Given these and other recent milestones, Peng says it’s realistic to think that at least one BCI system could gain approval in China by 2027.
Minmin Luo, director of the Chinese Institute for Brain Research (CIBR) in Beijing, agrees that the country is well on its way to meeting the goals set out by the new policy document. “It is basically an engineering project, with not so ambitious goals. Already, there are so many people working on it,” he says.
Luo is the chief scientist at NeuCyber NeuroTech, a spinoff of CBIR, which has developed a coin-sized brain chip called Beinao-1 and so far implanted it in five people. “We have observed excellent safety and stability in our clinical assessments,” he says.
The recipients, who are paralyzed, are now able to move a computer cursor and navigate to smartphone apps, Luo says. The team plans to implant a sixth patient by the end of August.
“We believe there is a significant unmet need for assistive BCI technology in China,” he says. He estimates that at least 1 to 2 million patients in the country could benefit from BCIs for assistive and rehabilitative purposes.
Beyond those uses, the policy document lays out other medical applications. It says BCIs could be used to monitor and analyze brain activity in real time to potentially prevent or reduce the risk of certain brain diseases. It also endorses consumer applications, such as monitoring driver alertness. The document says a wearable BCI could provide timely alerts for drowsiness, lack of attention, and slow reaction times, helping to reduce the probability of traffic accidents.
“I think noninvasive BCI products will get a huge market boost in China, because China is the biggest consumer electronics manufacturing country,” Peng says.

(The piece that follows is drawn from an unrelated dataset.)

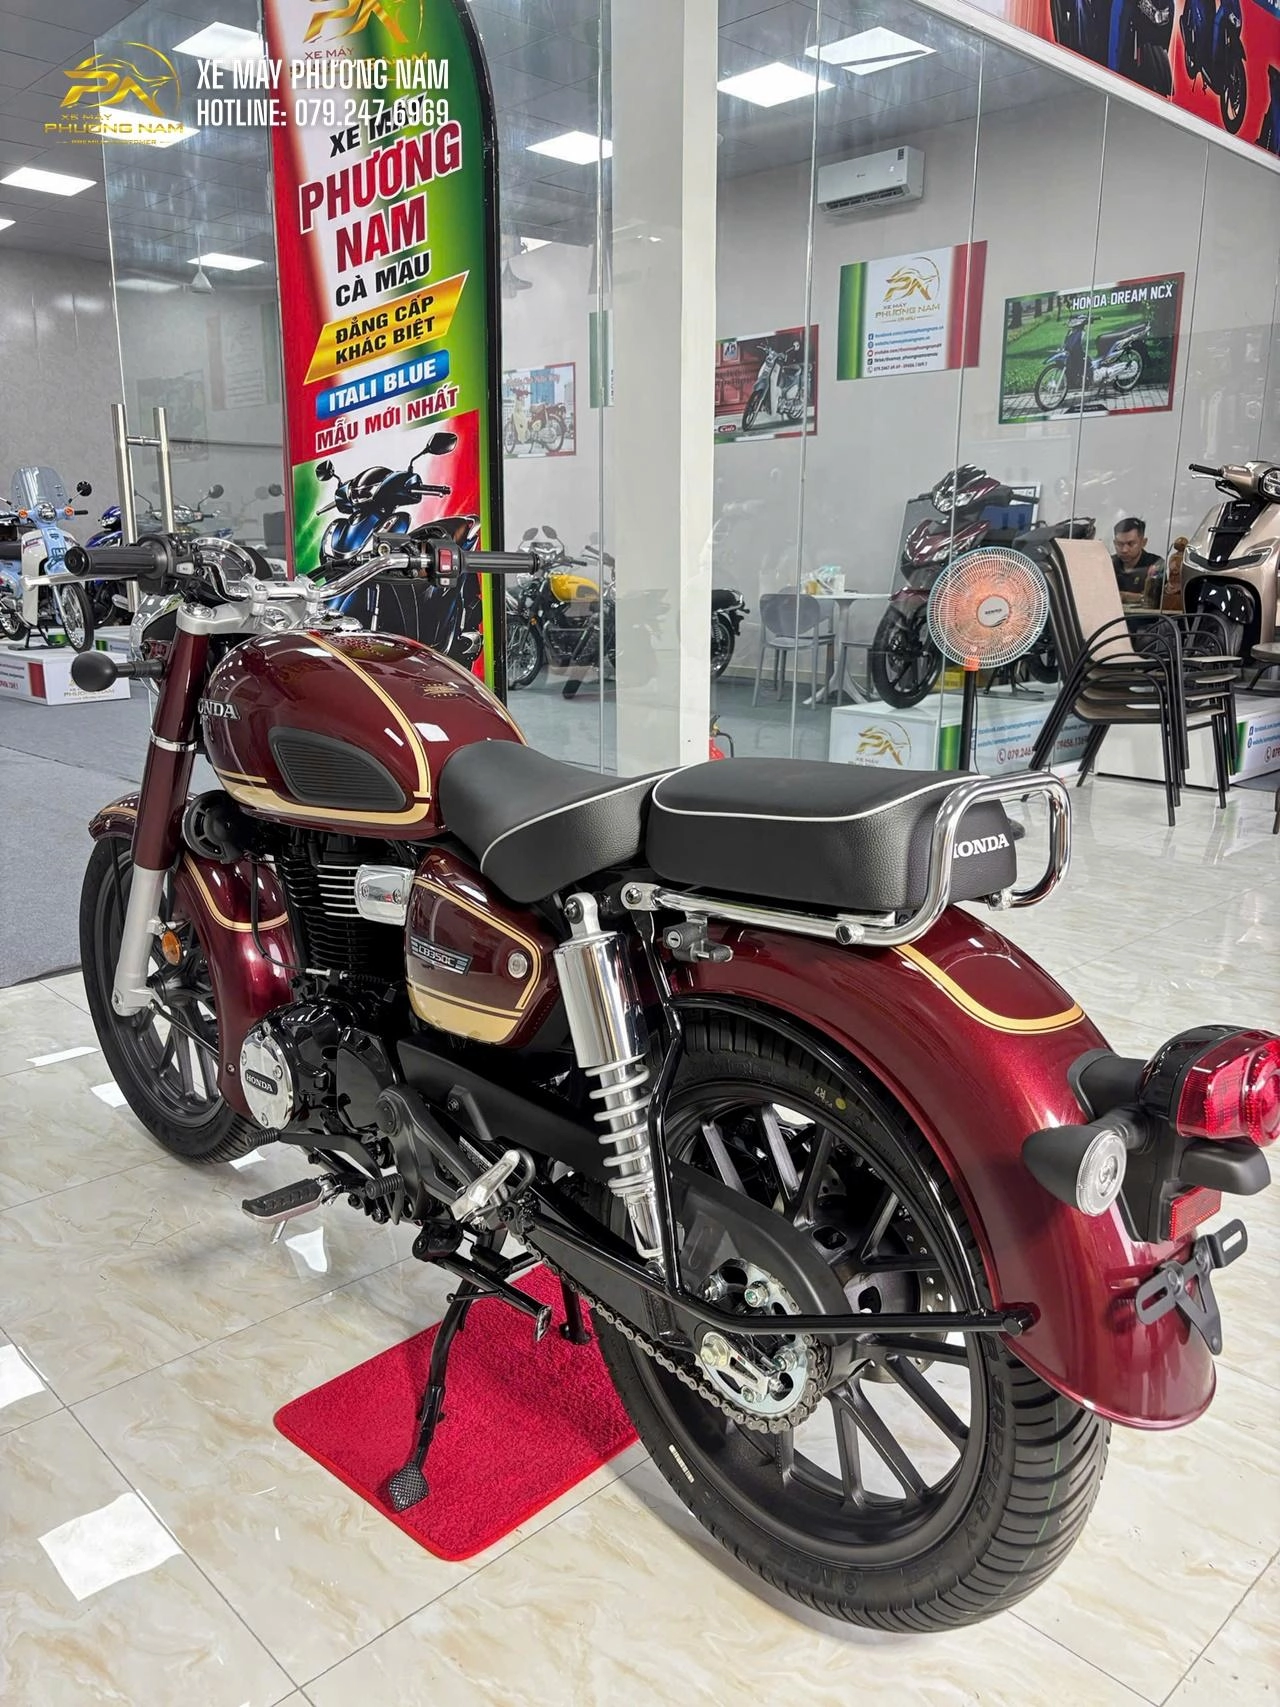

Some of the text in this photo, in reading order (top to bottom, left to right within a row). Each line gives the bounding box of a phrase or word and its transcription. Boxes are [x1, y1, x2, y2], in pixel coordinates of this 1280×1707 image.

A few US companies, including Emotiv and Neurable, have started selling consumer wearables that use electroencephalography, or EEG, to capture brain waves through the scalp. But the devices are still expensive and have yet to take off more broadly.
China’s policy document, meanwhile, is promoting the mass production of non-implantable devices in various forms—forehead-mounted, head-mounted, ear-mounted, ear buds, and helmets, glasses, and headphones. It also proposes piloting BCIs in certain industries for safety management, such as hazardous materials handling, nuclear energy, mining, and electricity. The document suggests that BCIs could provide early warnings for workplace events such as low oxygen levels, poisoning, and fainting.
While the new policy guidance sets up a China-US rivalry in the BCI space, Peng sees room for cross-country collaboration among entrepreneurs. “We can cooperate as a society to build something for the patients, because they are desperate for this technology to have a better life,” he says. “We don’t want to be involved in any geopolitical issues. We just want to build something useful for patients.”